At what precise date Saint-Germain became an intimate of Louis XV., the Duc de Choiseul, Madame de Pompadour, and the Maréchal de Belle-Isle, one cannot ascertain. The writers of memoirs are the vaguest of mortals about dates; only one discerns that Saint-Germain was much about the French Court, and high in the favour of the King, having rooms at Chambord, during the Seven Years' War, and just before the time of the peace negotiations of 1762-1763. The art of compiling false or forged memoirs of that period was widely practised; but the memoirs of Madame du Hausset, who speaks of Saint-Germain, are authentic. She was the widow of a poor man of noble family, and was one of two femmes de chambre of Madame de Pompadour. Her manuscript was written, she explains, by aid of a brief diary which she kept during her term of service. One day M. Senac de Meilhan found Madame de Pompadour's brother, M. de Marigny, about to burn a packet of papers. 'It is the journal,' he said, 'of a femme de chambre of my sister, a good kind woman.' De Meilhan asked for the manuscript, which he later gave to Mr. Crawford, one of the Kilwinning family, in Ayrshire, who later helped in the escape of Louis XVI. and Marie Antoinette to Varennes, where they were captured. With the journal of Madame du Hausset were several letters to Marigny on points of historical anecdote.[45]

Crawford published the manuscript of Madame du Hausset, which he was given by de Meilhan, and the memoirs are thus from an authentic source. The author says that Louis XV. was always kind to her, but spoke little to her, whereas Madame de Pompadour remarked, 'The King and I trust you so much that we treat you like a cat or a dog, and talk freely before you.'

As to Saint-Germain, Madame du Hausset writes: 'A man who was as amazing as a witch came often to see Madame de Pompadour. This was the Comte de Saint-Germain, who wished to make people believe that he had lived for several centuries. One day Madame said to him, while at her toilet, "What sort of man was Francis I., a king whom I could have loved?" "A good sort of fellow," said Saint-Germain; "too fiery—I could have given him a useful piece of advice, but he would not have listened." He then described, in very general terms, the beauty of Mary Stuart and La Reine Margot. "You seem to have seen them all," said Madame de Pompadour, laughing. "Sometimes," said Saint-Germain, "I amuse myself, not by making people believe, but by letting them believe, that I have lived from time immemorial." "But you do not tell us your age, and you give yourself out as very old. Madame de Gergy, who was wife of the French ambassador at Venice fifty years ago, I think, says that she knew you there, and that you are not changed in the least." "It is true, madame, that I knew Madame de Gergy long ago." "But according to her story you must now be over a century old." "It may be so, but I admit that even more possibly the respected lady is in her dotage."'

At this time Saint-Germain, says Madame du Hausset, looked about fifty, was neither thin nor stout, seemed clever, and dressed simply, as a rule, but in good taste. Say that the date was 1760, Saint-Germain looked fifty; but he had looked the same age, according to Madame de Gergy, at Venice, fifty years earlier, in 1710. We see how pleasantly he left Madame de Pompadour in doubt on that point.

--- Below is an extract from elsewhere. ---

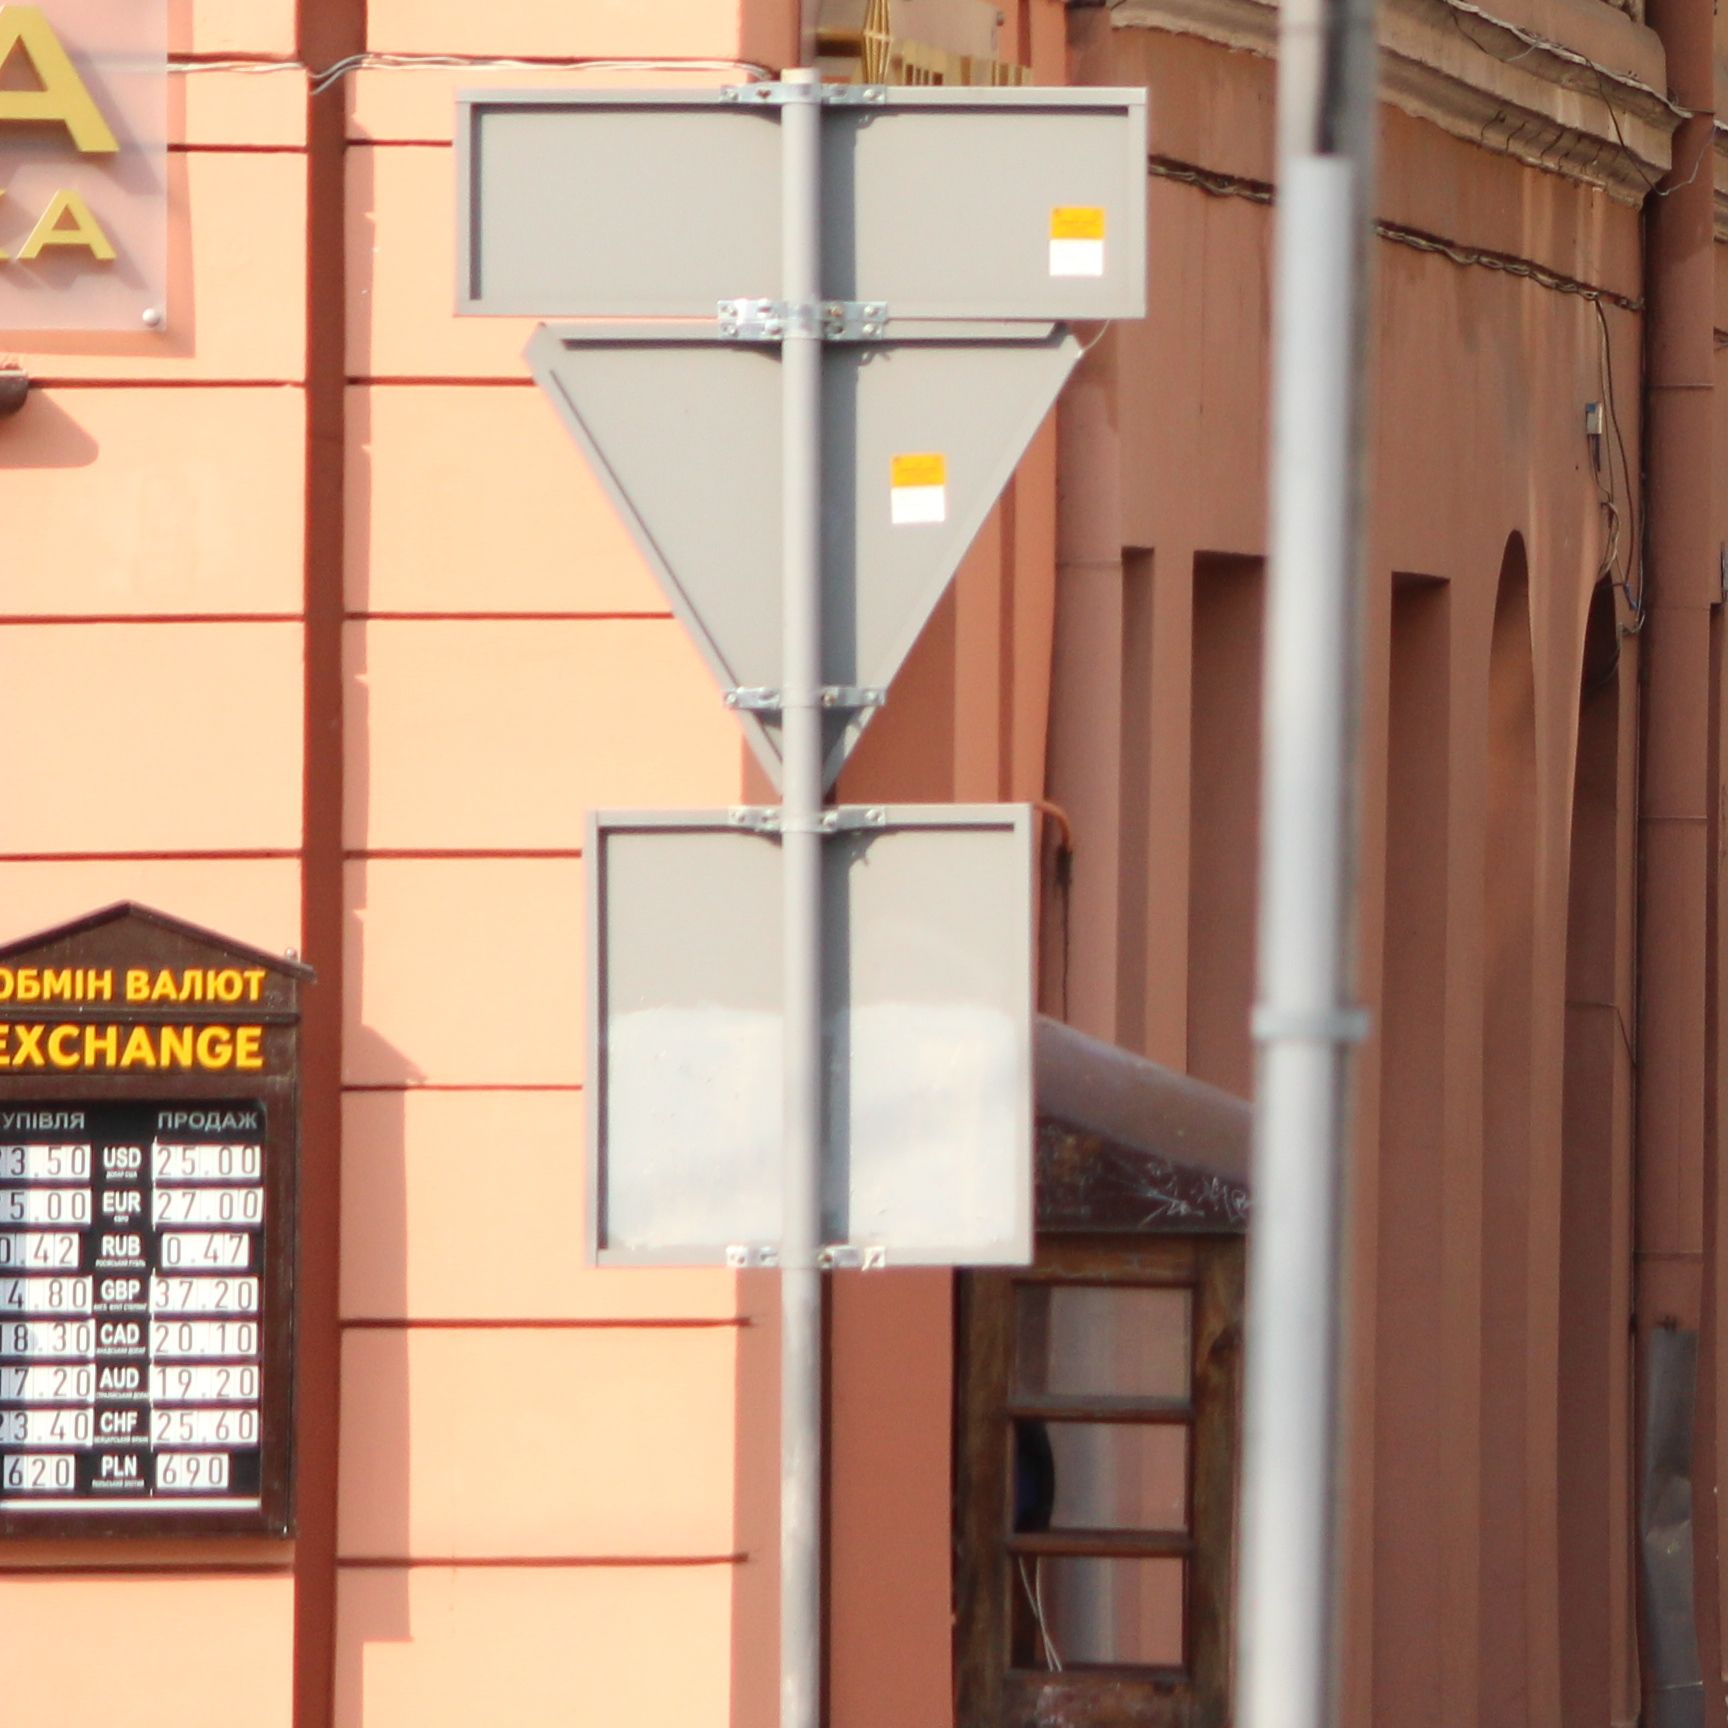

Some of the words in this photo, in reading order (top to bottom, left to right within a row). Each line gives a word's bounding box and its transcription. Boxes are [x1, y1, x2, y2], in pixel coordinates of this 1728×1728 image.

He pretended to have the secret of removing flaws from diamonds. The King showed him a stone valued at 6,000 francs—without a flaw it would have been worth 10,000. Saint-Germain said that he could remove the flaw in a month, and in a month he brought back the diamond—flawless. The King sent it, without any comment, to his jeweller, who gave 9,600 francs for the stone, but the King returned the money, and kept the gem as a curiosity. Probably it was not the original stone, but another cut in the same fashion, Saint-Germain sacrificing 3,000 or 4,000 francs to his practical joke. He also said that he could increase the size of pearls, which he could have proved very easily—in the same manner. He would not oblige Madame de Pompadour by giving the King an elixir of life: 'I should be mad if I gave the King a drug.' There seems to be a reference to this desire of Madame de Pompadour in an unlikely place, a letter of Pickle the Spy to Mr. Vaughn (1754)! This conversation Madame du Hausset wrote down on the day of its occurrence.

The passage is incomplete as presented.